> Task requirements:
In the copy, include no pictures, but reproduce every record exactly.

> Listed entries:
┌──

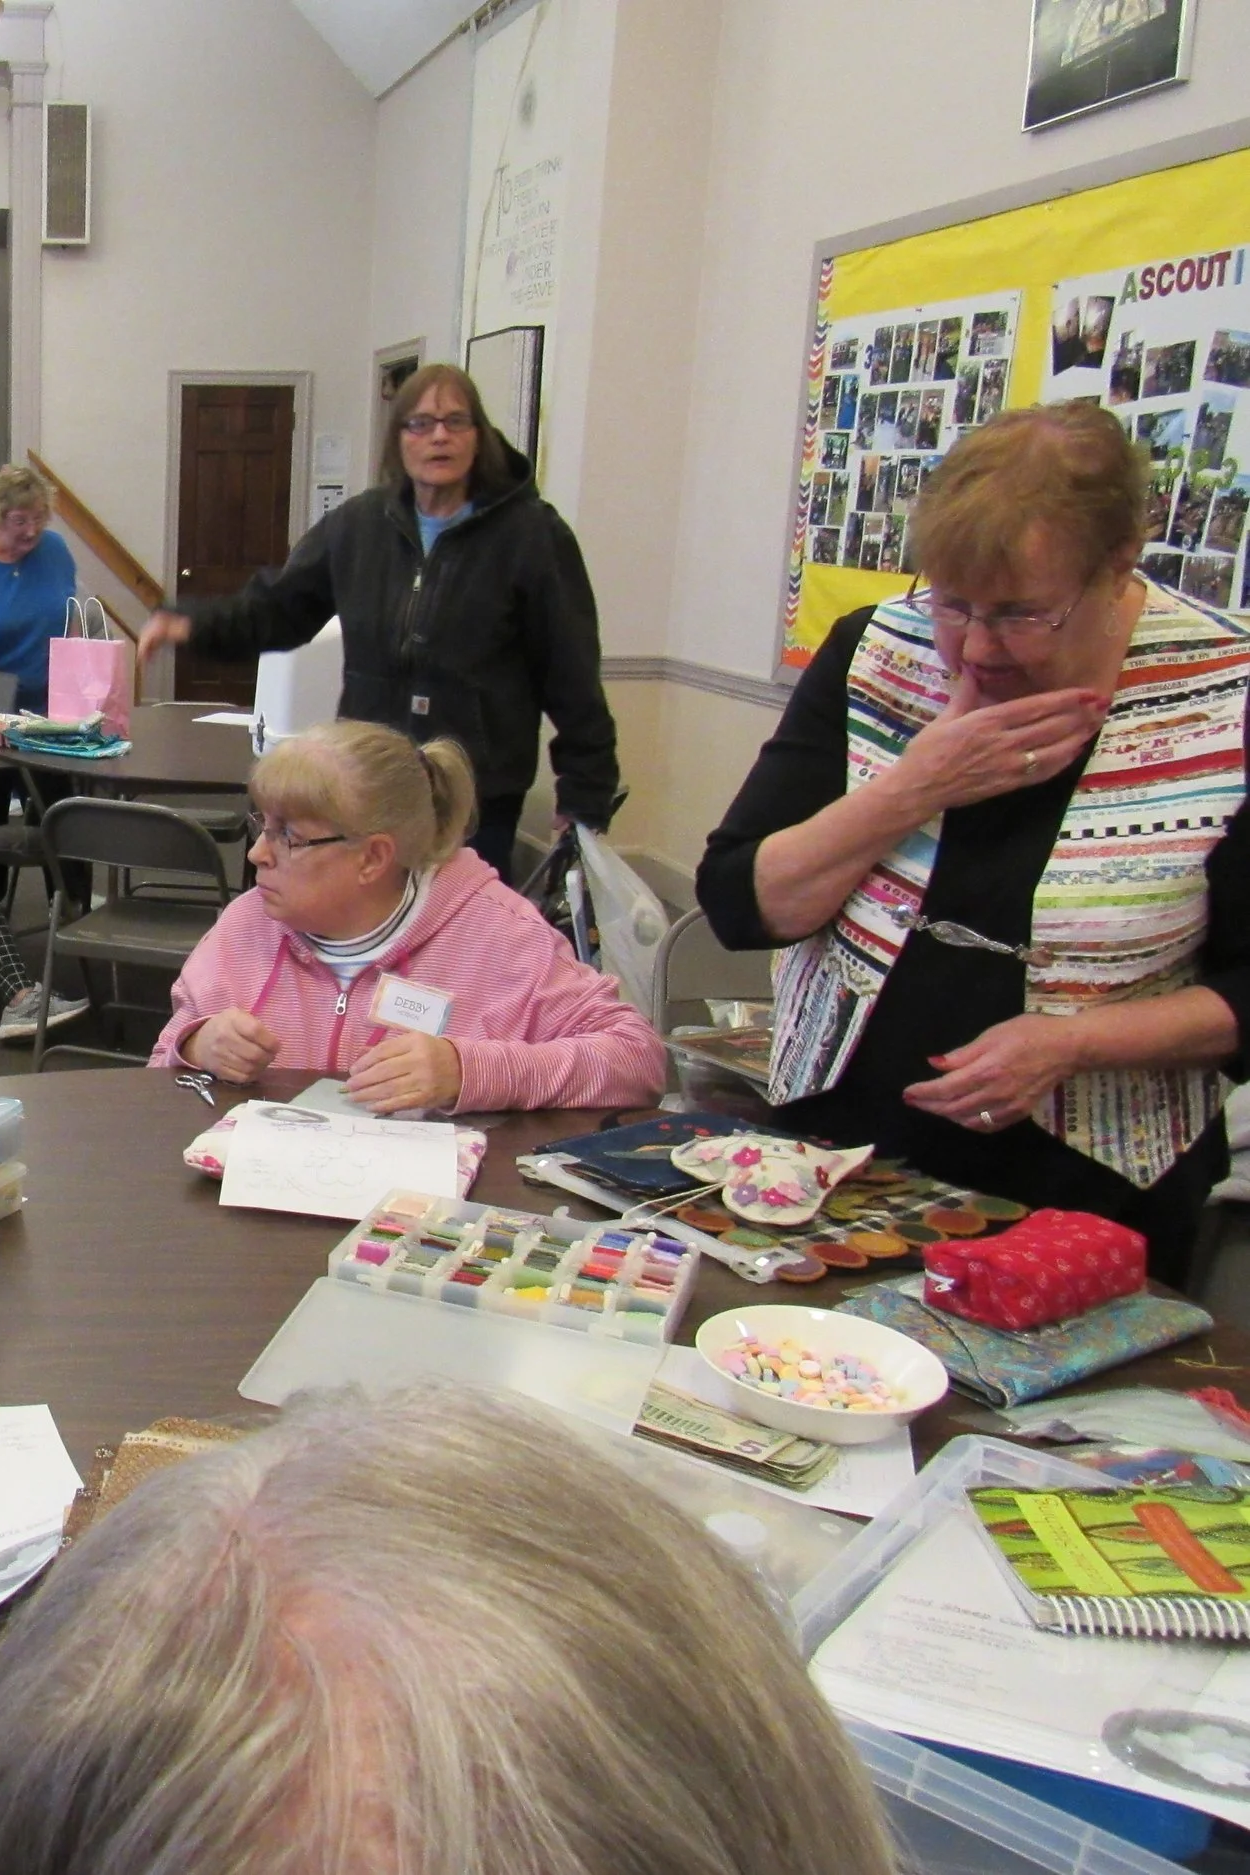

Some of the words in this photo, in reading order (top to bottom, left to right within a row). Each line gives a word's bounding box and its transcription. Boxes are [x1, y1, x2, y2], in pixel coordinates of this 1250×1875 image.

[1118, 271, 1138, 305] A
[1139, 250, 1232, 300] SCOUT
[394, 995, 431, 1016] DEBBY
[733, 1439, 770, 1455] 5
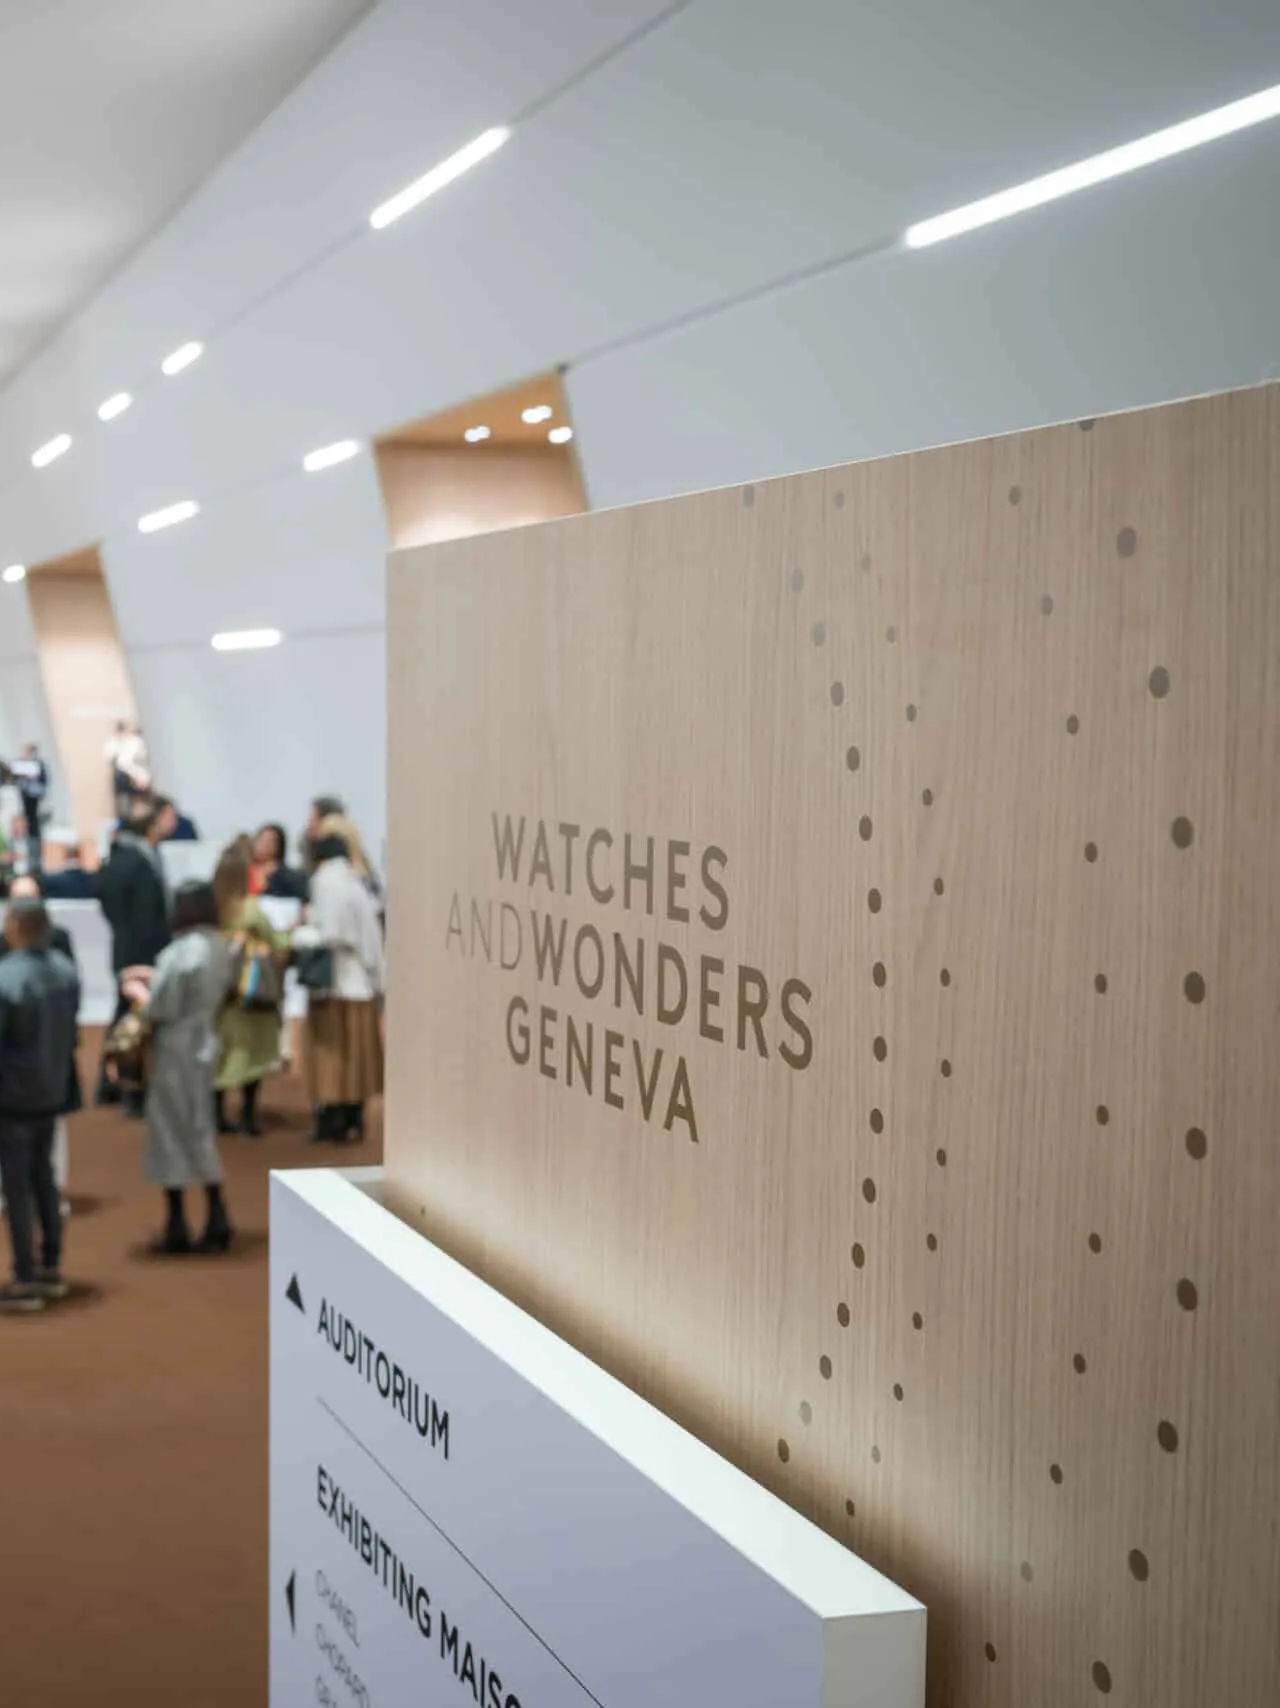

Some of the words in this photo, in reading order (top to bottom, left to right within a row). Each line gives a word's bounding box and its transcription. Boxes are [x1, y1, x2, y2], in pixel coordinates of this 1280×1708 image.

[492, 810, 730, 931] WATCHES
[506, 995, 700, 1144] GENEVA
[318, 1298, 450, 1461] AUDITORIUM
[315, 1569, 360, 1649] CHANEL
[317, 1464, 432, 1639] EXHIBITING
[440, 1610, 523, 1708] MAIS
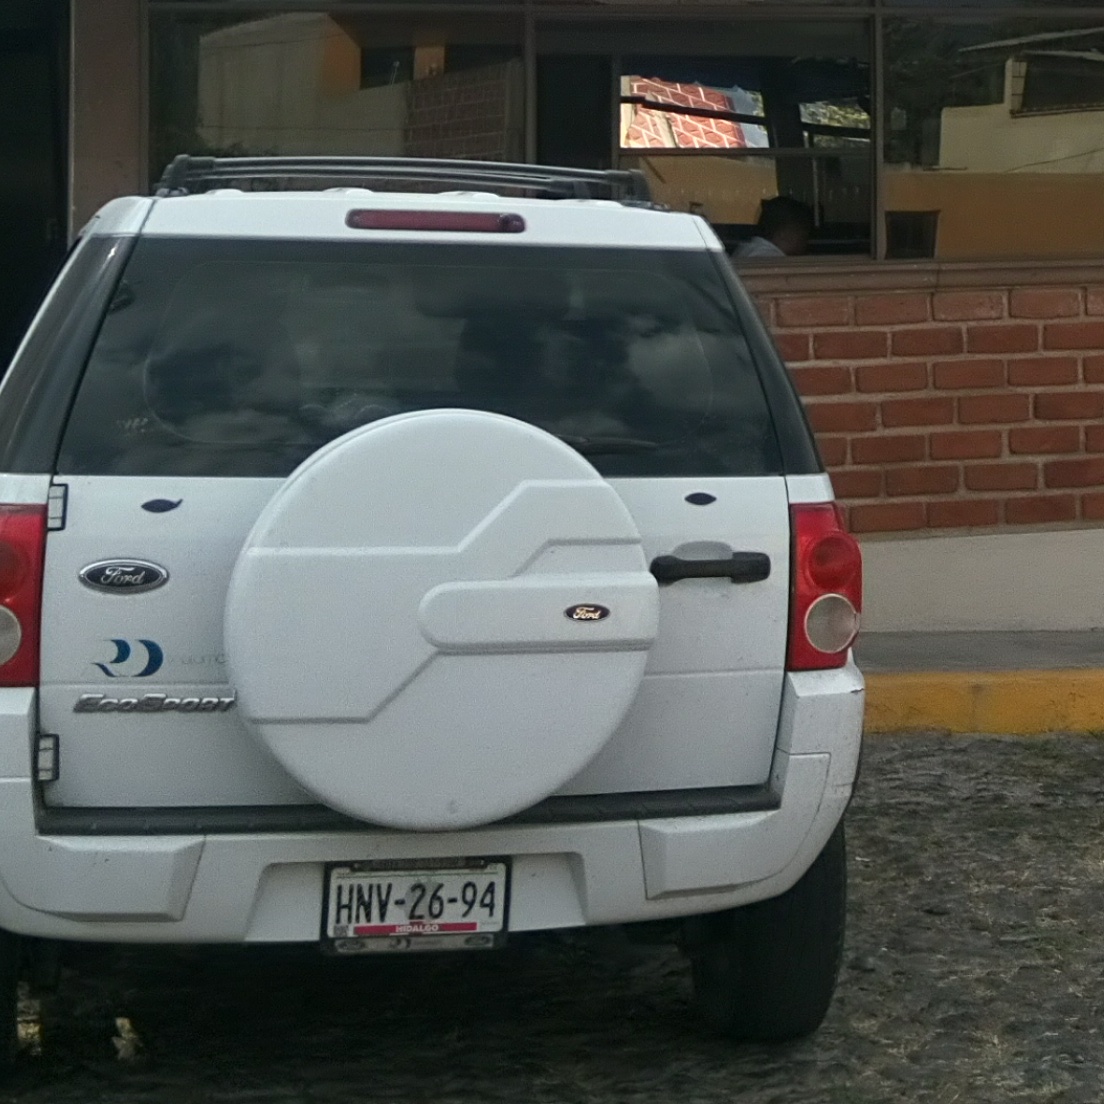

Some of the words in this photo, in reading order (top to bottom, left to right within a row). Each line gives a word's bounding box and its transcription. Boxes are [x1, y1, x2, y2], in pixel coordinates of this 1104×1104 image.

[101, 566, 146, 585] Ford
[572, 606, 602, 620] Ford
[336, 881, 496, 925] HNV-26-94
[395, 923, 440, 934] HIDALGO

└──

> Your solution:
Some of the words in this photo, in reading order (top to bottom, left to right within a row). Each line gives a word's bounding box and its transcription. Boxes are [x1, y1, x2, y2], in pixel coordinates of this 1250×1875 image.

[1118, 271, 1138, 305] A
[1139, 250, 1232, 300] SCOUT
[394, 995, 431, 1016] DEBBY
[733, 1439, 770, 1455] 5

Some of the words in this photo, in reading order (top to bottom, left to right within a row). Each line gives a word's bounding box and its transcription. Boxes are [x1, y1, x2, y2], in pixel coordinates of this 1280×1708 image.

[492, 810, 730, 931] WATCHES
[506, 995, 700, 1144] GENEVA
[318, 1298, 450, 1461] AUDITORIUM
[315, 1569, 360, 1649] CHANEL
[317, 1464, 432, 1639] EXHIBITING
[440, 1610, 523, 1708] MAIS

Some of the words in this photo, in reading order (top to bottom, left to right within a row). Each line gives a word's bounding box and its transcription. Boxes are [x1, y1, x2, y2], in pixel coordinates of this 1104×1104 image.

[101, 566, 146, 585] Ford
[572, 606, 602, 620] Ford
[336, 881, 496, 925] HNV-26-94
[395, 923, 440, 934] HIDALGO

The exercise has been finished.